DATA FOR THE TASK →
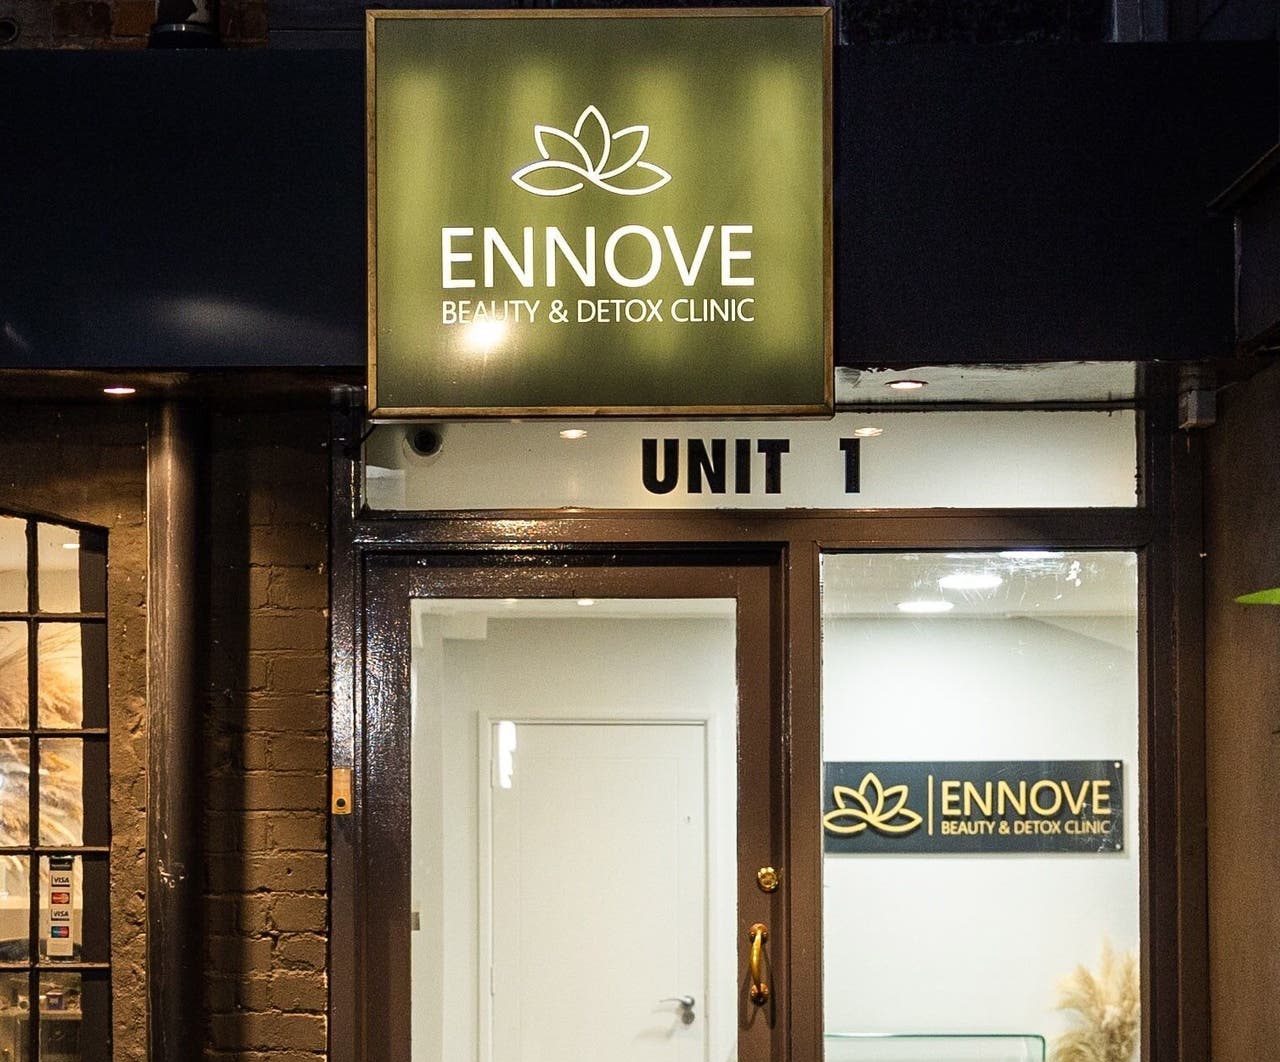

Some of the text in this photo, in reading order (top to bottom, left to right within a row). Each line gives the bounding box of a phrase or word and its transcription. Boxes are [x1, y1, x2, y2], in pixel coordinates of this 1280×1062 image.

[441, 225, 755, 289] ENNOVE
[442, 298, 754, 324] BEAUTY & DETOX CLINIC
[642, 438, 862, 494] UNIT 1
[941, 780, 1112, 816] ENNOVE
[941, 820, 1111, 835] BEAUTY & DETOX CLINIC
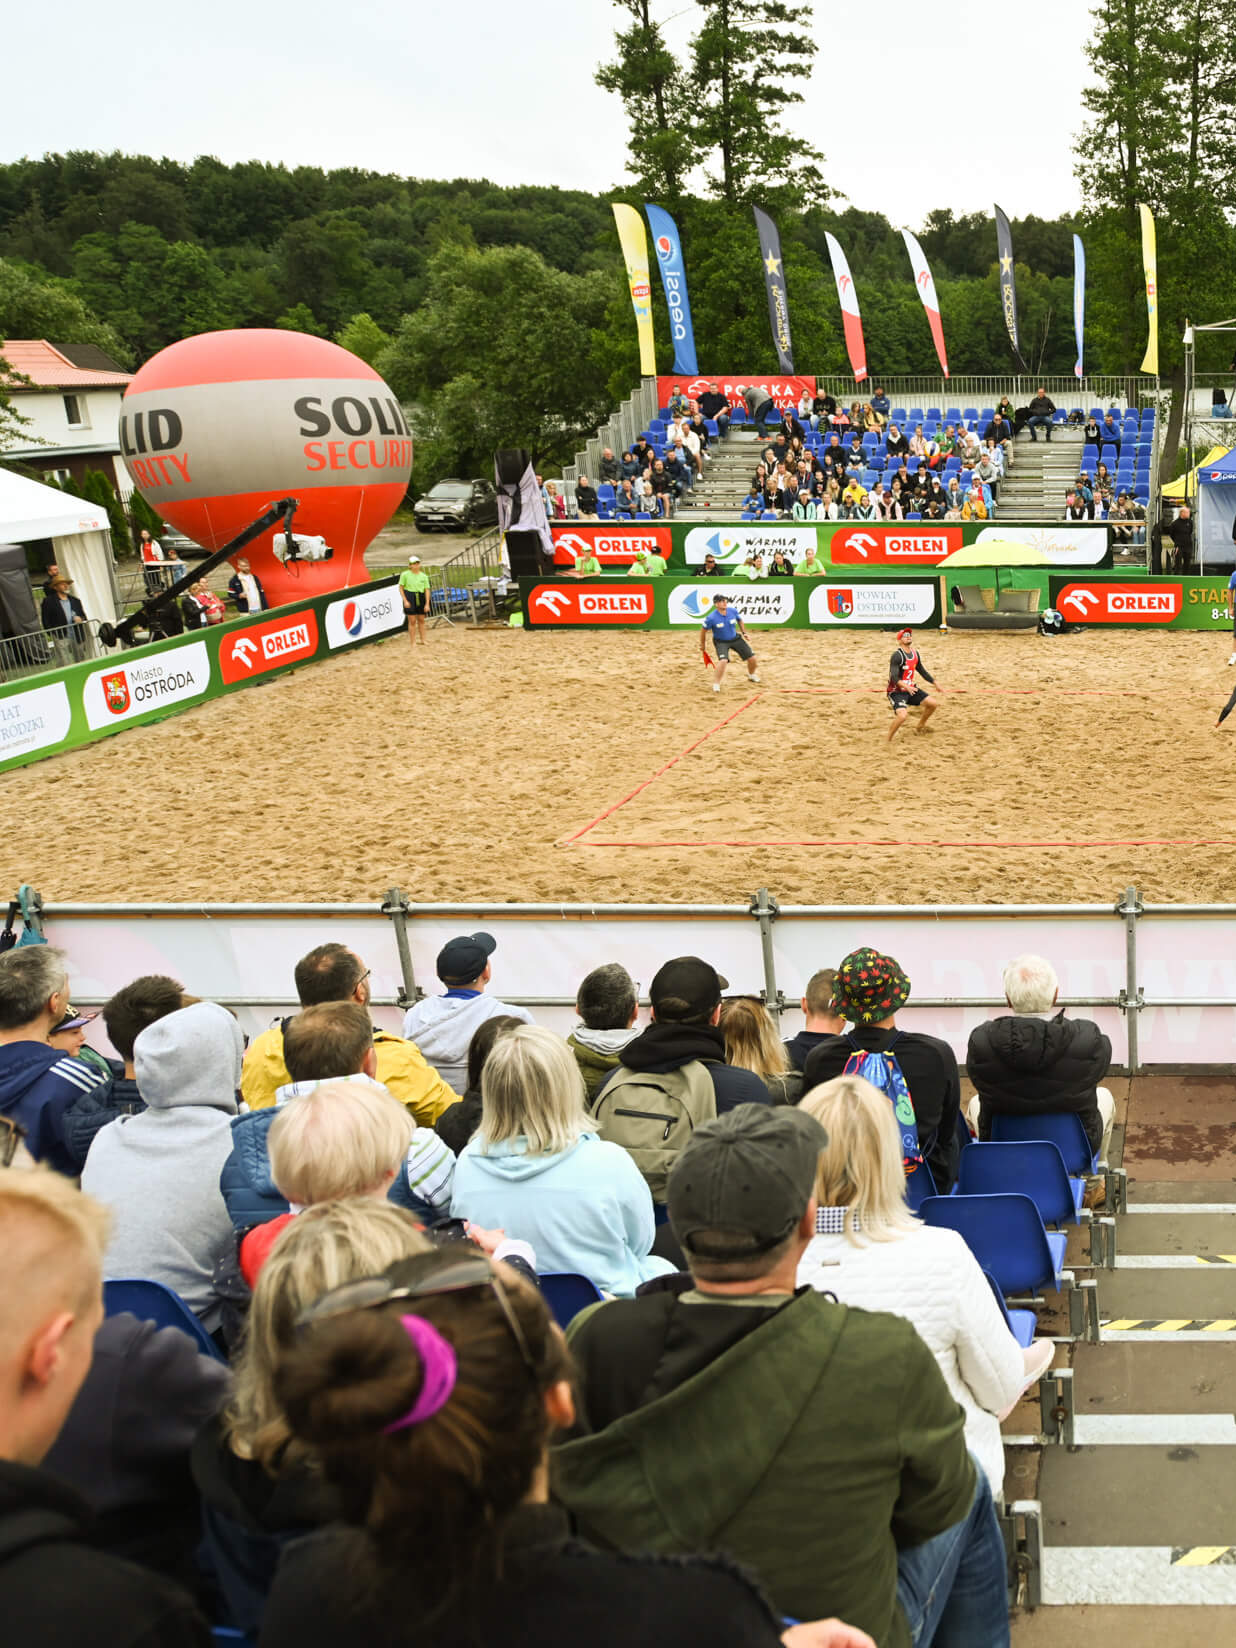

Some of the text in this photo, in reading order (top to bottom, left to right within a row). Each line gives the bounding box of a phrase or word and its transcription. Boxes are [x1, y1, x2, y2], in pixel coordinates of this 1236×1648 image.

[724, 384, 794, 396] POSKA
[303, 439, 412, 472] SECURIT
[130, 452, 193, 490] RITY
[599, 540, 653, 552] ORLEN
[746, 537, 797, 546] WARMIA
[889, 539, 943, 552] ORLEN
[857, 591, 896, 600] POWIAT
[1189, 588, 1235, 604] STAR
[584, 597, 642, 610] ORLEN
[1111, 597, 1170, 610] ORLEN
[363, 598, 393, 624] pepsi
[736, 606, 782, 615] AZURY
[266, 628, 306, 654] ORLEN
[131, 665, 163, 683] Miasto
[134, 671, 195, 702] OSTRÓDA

BRIEF → Produce the entries above once more, exactly as given, with each picture left out.

RESPONSE BELOW →
Some of the text in this photo, in reading order (top to bottom, left to right within a row). Each line gives the bounding box of a phrase or word and its transcription. Boxes are [x1, y1, x2, y2], in pixel coordinates of this 1280×1062 image.

[441, 225, 755, 289] ENNOVE
[442, 298, 754, 324] BEAUTY & DETOX CLINIC
[642, 438, 862, 494] UNIT 1
[941, 780, 1112, 816] ENNOVE
[941, 820, 1111, 835] BEAUTY & DETOX CLINIC

Some of the text in this photo, in reading order (top to bottom, left to right within a row). Each line gives the bounding box of a phrase or word and its transcription. Boxes are [x1, y1, x2, y2], in pixel coordinates of this 1236×1648 image.

[724, 384, 794, 396] POSKA
[303, 439, 412, 472] SECURIT
[130, 452, 193, 490] RITY
[599, 540, 653, 552] ORLEN
[746, 537, 797, 546] WARMIA
[889, 539, 943, 552] ORLEN
[857, 591, 896, 600] POWIAT
[1189, 588, 1235, 604] STAR
[584, 597, 642, 610] ORLEN
[1111, 597, 1170, 610] ORLEN
[363, 598, 393, 624] pepsi
[736, 606, 782, 615] AZURY
[266, 628, 306, 654] ORLEN
[131, 665, 163, 683] Miasto
[134, 671, 195, 702] OSTRÓDA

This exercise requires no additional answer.